Theme: Open Workflows
Format: Software/process demo

Abstract

DataLad makes it easy to link code, arbitrary amounts of data, software environments, procedures used for computations, and the results in a lightweight and easily shareable format, provenance-tracked and version controlled. This allows to create reproducible research objects of any level of elaborateness: From “only” joining data and code, up to completely executable “reproducible paper”-type publications, hosted as open as public repositories on hosting services such as GitHub, GitLab, or Gin. In this demonstration, I will walk through a DataLad-centric analysis workflow using the human connectome project data, featuring

consuming HCP data with DataLad,
reproducible, re-executable, and provenance-tracked data analyses with DataLad,
and open dissemination of data, workflows, and results in a public repository.

Useful Links

http://handbook.datalad.org/en/latest/usecases/reproducible-paper.html []()

Tagging @adswa

this is to confirm the talk :) (sorry, I missed the follow up e-mail...)

The slides are available here, for anyone who is interested, and a write up with further pointers is here.

Adina, thanks for sharing, this looks like such great work

Being a data modeller, I wonder: where is the data structure? can the dataset be viewed in a table format? or is this an impossible thing to ask? is the data stored in a relational database in any way? Can the data/program/model be visualized in any other way than by using docker/code?

On Tue, Jun 16, 2020 at 1:28 PM Adina Wagner notifications@github.com wrote:

The slides are available here https://docs.google.com/presentation/d/1KzSJv9j-NwGOZv3dwuM4bgaDQmDbjIQvp8eQ3cOfysw/edit#slide=id.gc6f980f91_0_29, for anyone who is interested, and a write up with further pointers is here http://handbook.datalad.org/en/latest/code_from_chapters/OHBM_OSR.html#ohbmosr2020 .

— You are receiving this because you are subscribed to this thread. Reply to this email directly, view it on GitHub https://github.com/ohbm/osr2020/issues/25#issuecomment-644539299, or unsubscribe https://github.com/notifications/unsubscribe-auth/ACFKUCPDF7E3WVVFKSKQADDRW37IFANCNFSM4M7S2JUA .

Hi @Starborn, no, there is no relational database involved. It all builds up on Git and git-annex. There is a hands-on introduction in the chapter on datasets in the datalad handbook.

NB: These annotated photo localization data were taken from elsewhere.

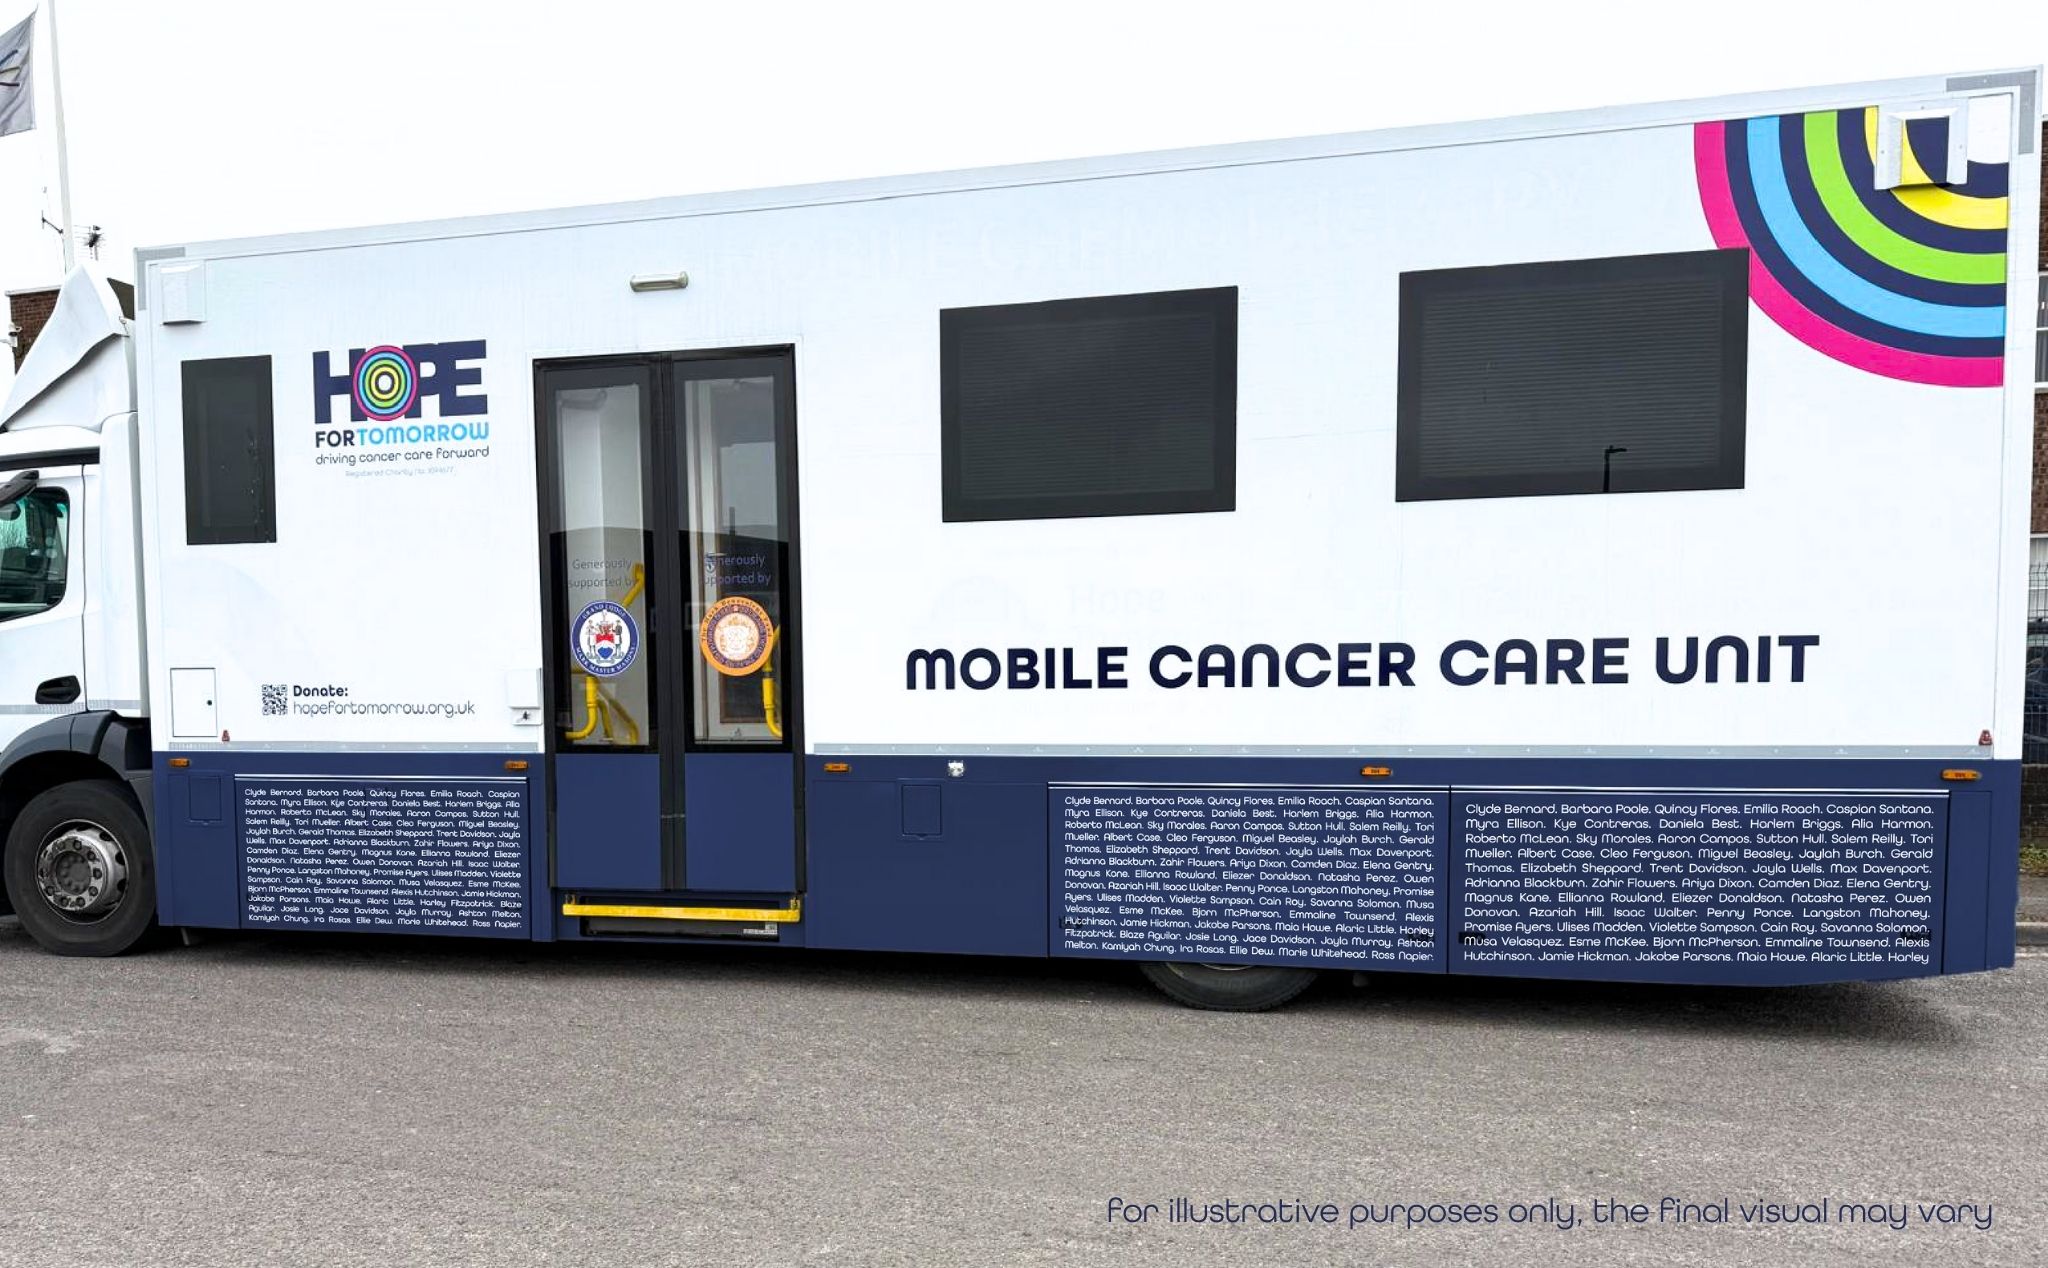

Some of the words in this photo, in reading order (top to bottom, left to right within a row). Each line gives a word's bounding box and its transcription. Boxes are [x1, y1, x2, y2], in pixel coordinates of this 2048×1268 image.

[313, 339, 488, 424] HOPE
[316, 452, 356, 467] driving
[359, 451, 402, 463] cancer
[404, 450, 433, 460] care
[436, 446, 489, 459] forward
[572, 559, 632, 570] Generously
[757, 571, 771, 586] by
[906, 646, 1128, 691] MOBILE
[1149, 642, 1416, 689] CANCER
[1439, 637, 1630, 687] CARE
[1655, 634, 1820, 684] UNIT
[293, 685, 349, 697] Donate:
[293, 700, 475, 718] hopefortomorrow.org.uk
[1465, 803, 1501, 817] Clyde
[1561, 803, 1613, 814] Barbara
[1654, 803, 1697, 817] Quincy
[1743, 803, 1778, 814] Emilia
[1826, 803, 1876, 817] Caspian
[1465, 818, 1499, 832] Myra
[1554, 818, 1576, 832] Kye
[1659, 818, 1704, 829] Daniela
[1750, 818, 1795, 829] Harlem
[1851, 818, 1873, 829] Alia
[1465, 833, 1516, 843] Roberto
[1576, 833, 1597, 847] Sky
[1657, 833, 1695, 844] Aaron
[1756, 833, 1799, 844] Sutton
[1831, 833, 1868, 844] Salem
[1910, 833, 1933, 844] Tori
[1517, 847, 1556, 858] Albert
[1600, 847, 1628, 858] Cleo
[1698, 848, 1738, 862] Miguel
[1798, 848, 1840, 862] Jaylah
[1890, 848, 1933, 859] Gerald
[1520, 862, 1576, 873] Elizabeth
[1649, 862, 1684, 873] Trent
[1752, 862, 1786, 877] Jayla
[1830, 863, 1858, 873] Max
[1464, 877, 1520, 888] Adrianna
[1591, 877, 1624, 888] Zahir
[1681, 877, 1715, 891] Ariya
[1758, 877, 1810, 888] Camden
[1846, 877, 1880, 888] Elena

As I'm not very familiar with relational databases I may be misunderstanding your questions, so please bear with me and re-ask if necessary ;-)

where is the data structure?

In the case of the HCP data, the original data comes from the Amazon S3 buckets of the HCP project. Once locally available, the data is stored in each datasets "object tree", a key-value store of git-annex within .git/annex/objects of each dataset. There are details on this in this section and a technical overview in git-annex documentation.

Can the data/program/model be visualized in any other way than by using docker/code?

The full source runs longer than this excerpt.